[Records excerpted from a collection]

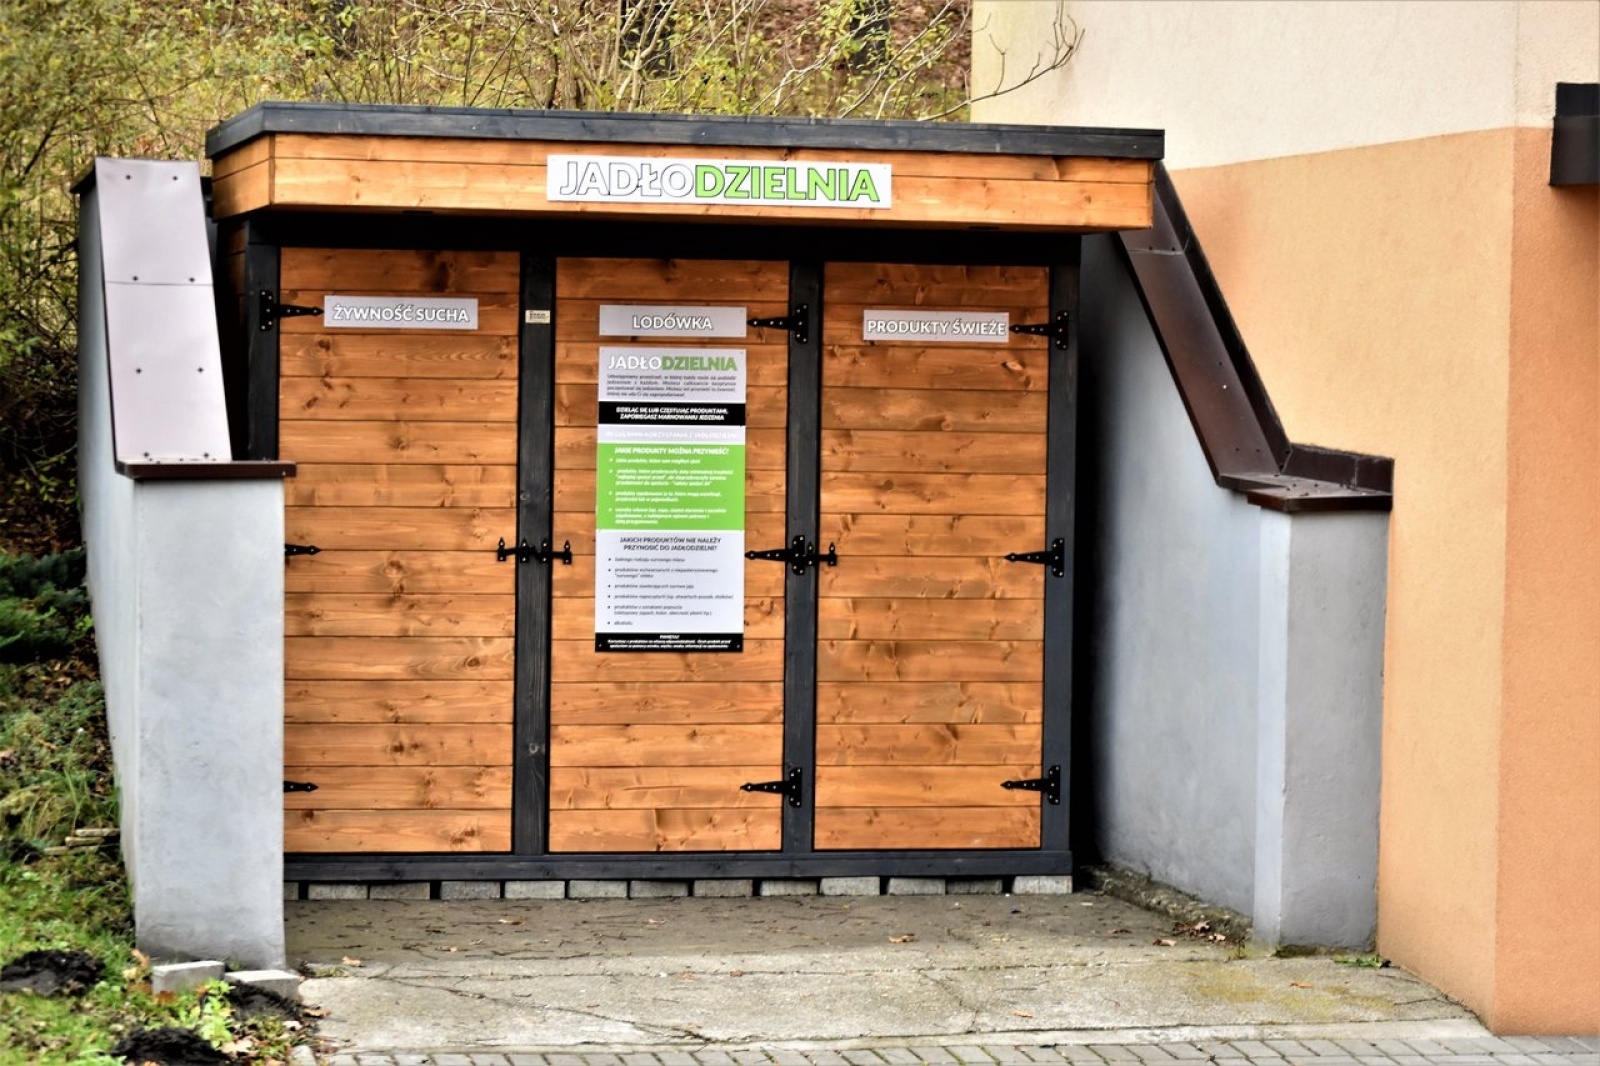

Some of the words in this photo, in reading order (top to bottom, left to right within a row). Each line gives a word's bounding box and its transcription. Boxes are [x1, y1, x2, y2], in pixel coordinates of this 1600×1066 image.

[559, 161, 880, 201] JADŁODZIELNIA
[332, 304, 413, 322] ŻYWNOŚĆ
[416, 307, 470, 322] SUCHA
[632, 312, 714, 330] LODÓWKA
[867, 319, 950, 336] PRODUKTY
[952, 318, 1007, 336] ŚWIEŻE
[608, 355, 737, 371] JADŁODZIELNIA
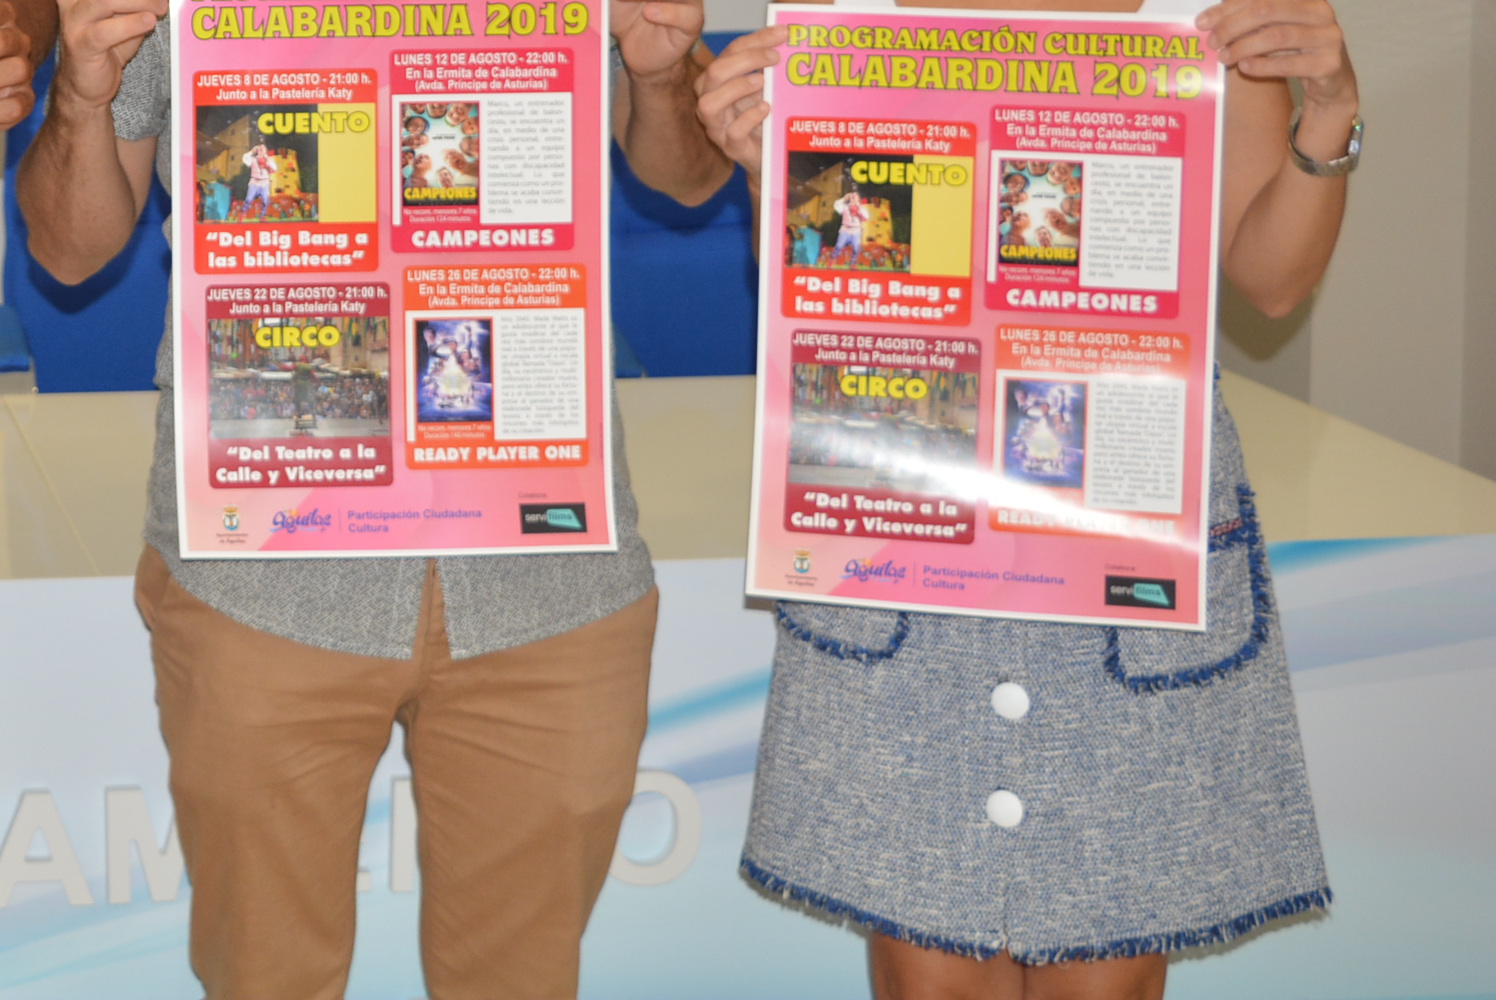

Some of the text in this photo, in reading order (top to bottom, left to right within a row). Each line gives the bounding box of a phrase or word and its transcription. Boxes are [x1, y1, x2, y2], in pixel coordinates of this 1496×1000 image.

[192, 2, 590, 40] CALABARDINA 2019
[787, 25, 1205, 62] PROGRAMACIÓN CULTURAL
[786, 53, 1204, 100] CALABARDINA 2019
[258, 110, 371, 134] CUENTO
[995, 109, 1035, 122] LUNES
[1038, 110, 1052, 122] 12
[1054, 111, 1071, 123] DE
[1073, 111, 1125, 125] AGOSTO
[1134, 114, 1166, 127] 22:00
[1168, 115, 1180, 128] h.
[851, 159, 969, 188] CUENTO
[403, 187, 477, 201] CAMPEONES
[259, 230, 291, 250] Big
[298, 230, 348, 250] Bang
[355, 233, 368, 245] a
[411, 228, 555, 248] CAMPEONES
[208, 252, 237, 268] las
[1000, 244, 1077, 262] CAMPEONES
[207, 288, 252, 301] JUEVES
[254, 288, 267, 300] 22
[269, 288, 286, 300] DE
[287, 287, 336, 299] AGOSTO
[345, 286, 375, 298] 21:00
[376, 286, 388, 298] h.
[848, 278, 881, 299] Big
[888, 280, 941, 303] Bang
[947, 287, 961, 300] a
[795, 296, 825, 314] las
[1006, 289, 1158, 314] CAMPEONES
[254, 325, 341, 348] CIRCO
[839, 372, 929, 402] CIRCO
[275, 445, 334, 460] Teatro
[339, 448, 351, 459] a
[357, 443, 376, 459] la
[414, 444, 581, 462] READY PLAYER ONE
[215, 466, 262, 482] Calle
[268, 470, 279, 484] y
[853, 493, 914, 512] Teatro
[919, 501, 932, 513] a
[938, 498, 957, 515] la
[347, 508, 483, 524] Participación Ciudadana
[791, 512, 838, 529] Calle
[844, 518, 856, 533] y
[348, 525, 389, 535] Cultura
[923, 579, 965, 592] Cultura
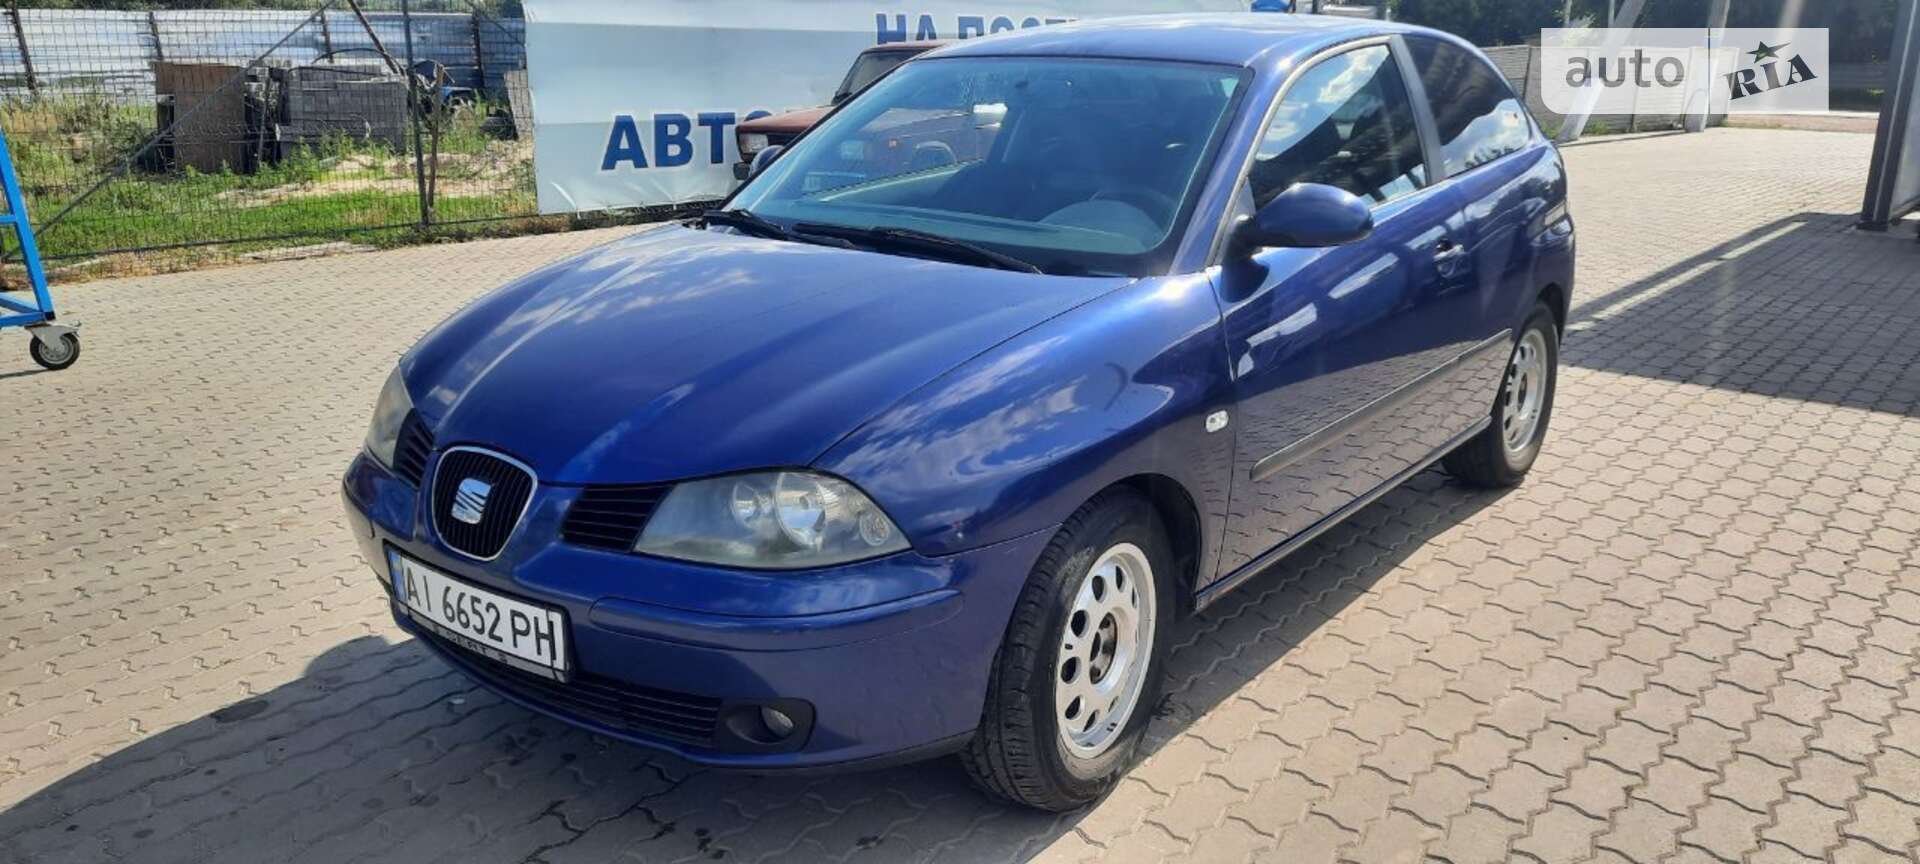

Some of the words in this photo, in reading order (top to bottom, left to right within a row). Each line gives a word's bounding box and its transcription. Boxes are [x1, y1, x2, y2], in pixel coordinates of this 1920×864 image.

[601, 110, 773, 170] АВТ
[407, 567, 431, 612] AI
[442, 586, 503, 643] 6652
[510, 609, 557, 661] PH
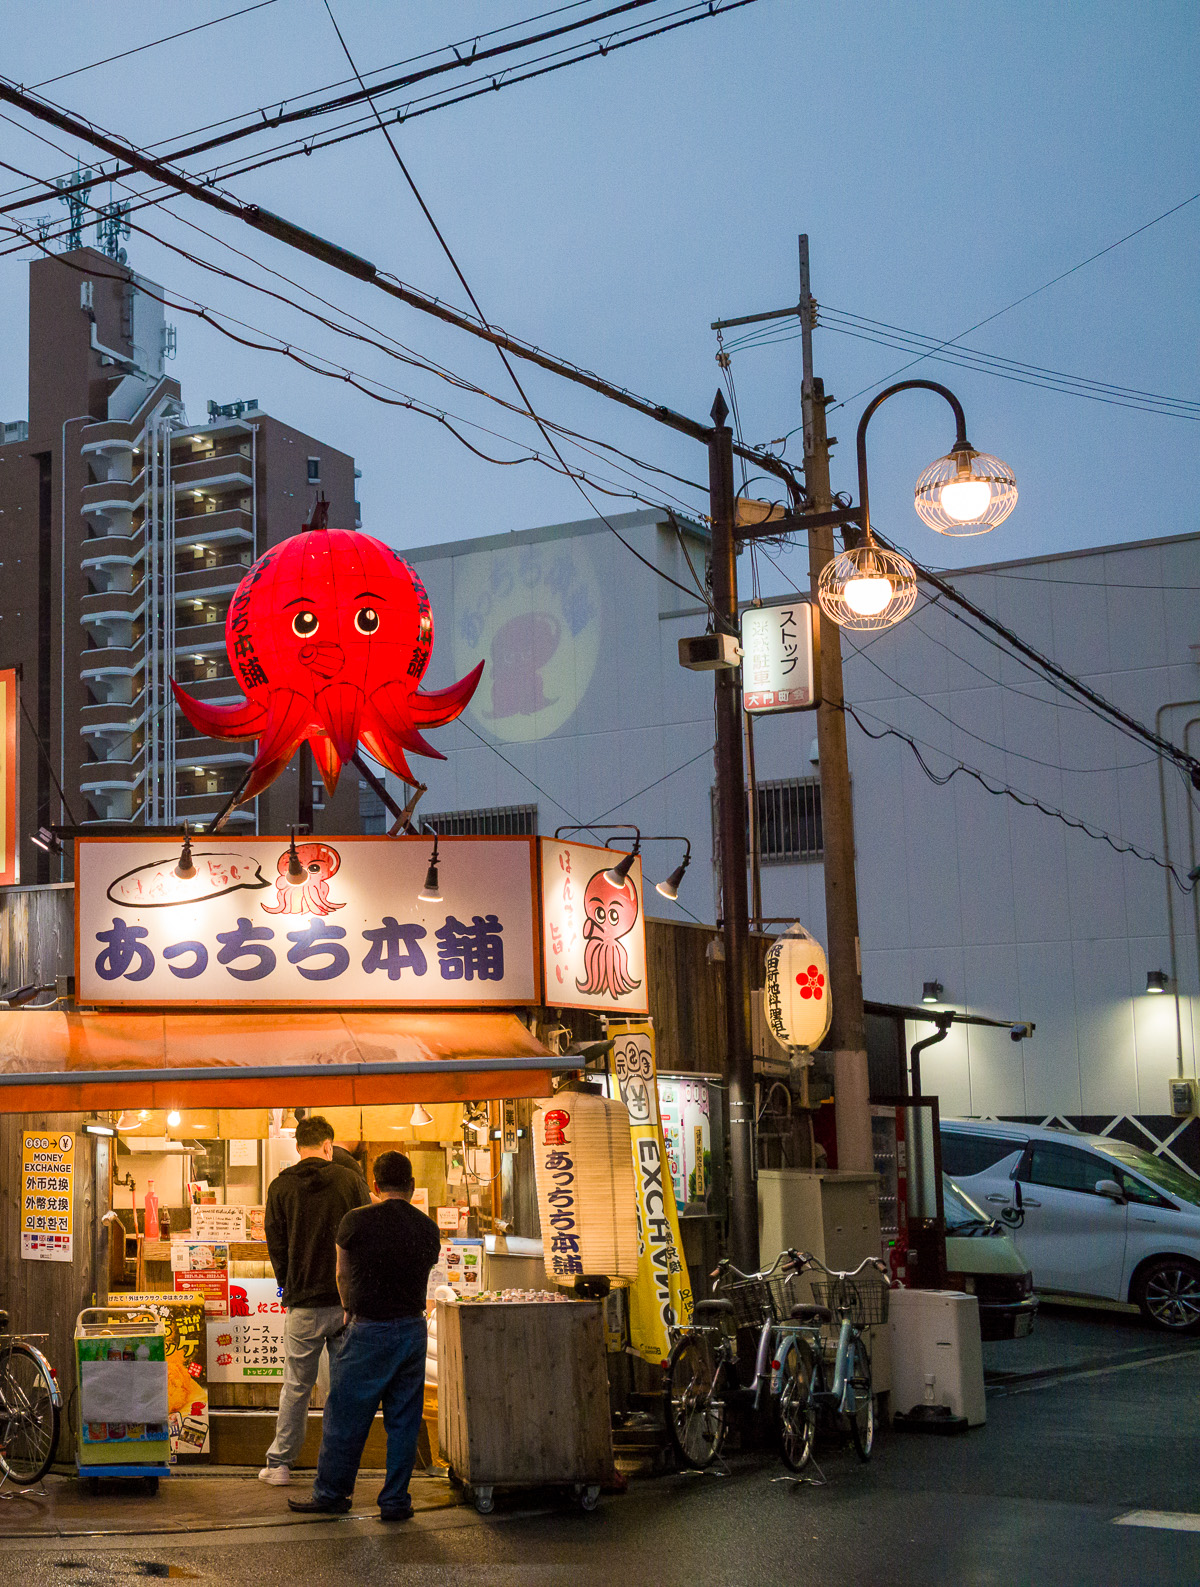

[What you should do] Only the records, copied exactly and free of pictures, belong in the answer.

[Response to the exercise]
Some of the words in this photo, in reading order (top to bottom, left to right within a row). Each line gives a word's bounding box and its transcription. Boxes are [x1, y1, x2, y2], in pixel coordinates of this 1600×1066 image.

[559, 161, 880, 201] JADŁODZIELNIA
[332, 304, 413, 322] ŻYWNOŚĆ
[416, 307, 470, 322] SUCHA
[632, 312, 714, 330] LODÓWKA
[867, 319, 950, 336] PRODUKTY
[952, 318, 1007, 336] ŚWIEŻE
[608, 355, 737, 371] JADŁODZIELNIA

Some of the text in this photo, in reading order (top to bottom, left to right within a row). Each line gives the bounding box of a phrase or word and its transcription. Boxes are [x1, y1, x2, y2], in pixel coordinates of this 1496×1000 image.

[192, 2, 590, 40] CALABARDINA 2019
[787, 25, 1205, 62] PROGRAMACIÓN CULTURAL
[786, 53, 1204, 100] CALABARDINA 2019
[258, 110, 371, 134] CUENTO
[995, 109, 1035, 122] LUNES
[1038, 110, 1052, 122] 12
[1054, 111, 1071, 123] DE
[1073, 111, 1125, 125] AGOSTO
[1134, 114, 1166, 127] 22:00
[1168, 115, 1180, 128] h.
[851, 159, 969, 188] CUENTO
[403, 187, 477, 201] CAMPEONES
[259, 230, 291, 250] Big
[298, 230, 348, 250] Bang
[355, 233, 368, 245] a
[411, 228, 555, 248] CAMPEONES
[208, 252, 237, 268] las
[1000, 244, 1077, 262] CAMPEONES
[207, 288, 252, 301] JUEVES
[254, 288, 267, 300] 22
[269, 288, 286, 300] DE
[287, 287, 336, 299] AGOSTO
[345, 286, 375, 298] 21:00
[376, 286, 388, 298] h.
[848, 278, 881, 299] Big
[888, 280, 941, 303] Bang
[947, 287, 961, 300] a
[795, 296, 825, 314] las
[1006, 289, 1158, 314] CAMPEONES
[254, 325, 341, 348] CIRCO
[839, 372, 929, 402] CIRCO
[275, 445, 334, 460] Teatro
[339, 448, 351, 459] a
[357, 443, 376, 459] la
[414, 444, 581, 462] READY PLAYER ONE
[215, 466, 262, 482] Calle
[268, 470, 279, 484] y
[853, 493, 914, 512] Teatro
[919, 501, 932, 513] a
[938, 498, 957, 515] la
[347, 508, 483, 524] Participación Ciudadana
[791, 512, 838, 529] Calle
[844, 518, 856, 533] y
[348, 525, 389, 535] Cultura
[923, 579, 965, 592] Cultura

Some of the words in this photo, in reading order (top to bottom, left to right within a row). Each line gives a word's bounding box and its transcription. Boxes are [x1, y1, x2, y2], in pixel coordinates of this 1920×864 image.

[601, 110, 773, 170] АВТ
[407, 567, 431, 612] AI
[442, 586, 503, 643] 6652
[510, 609, 557, 661] PH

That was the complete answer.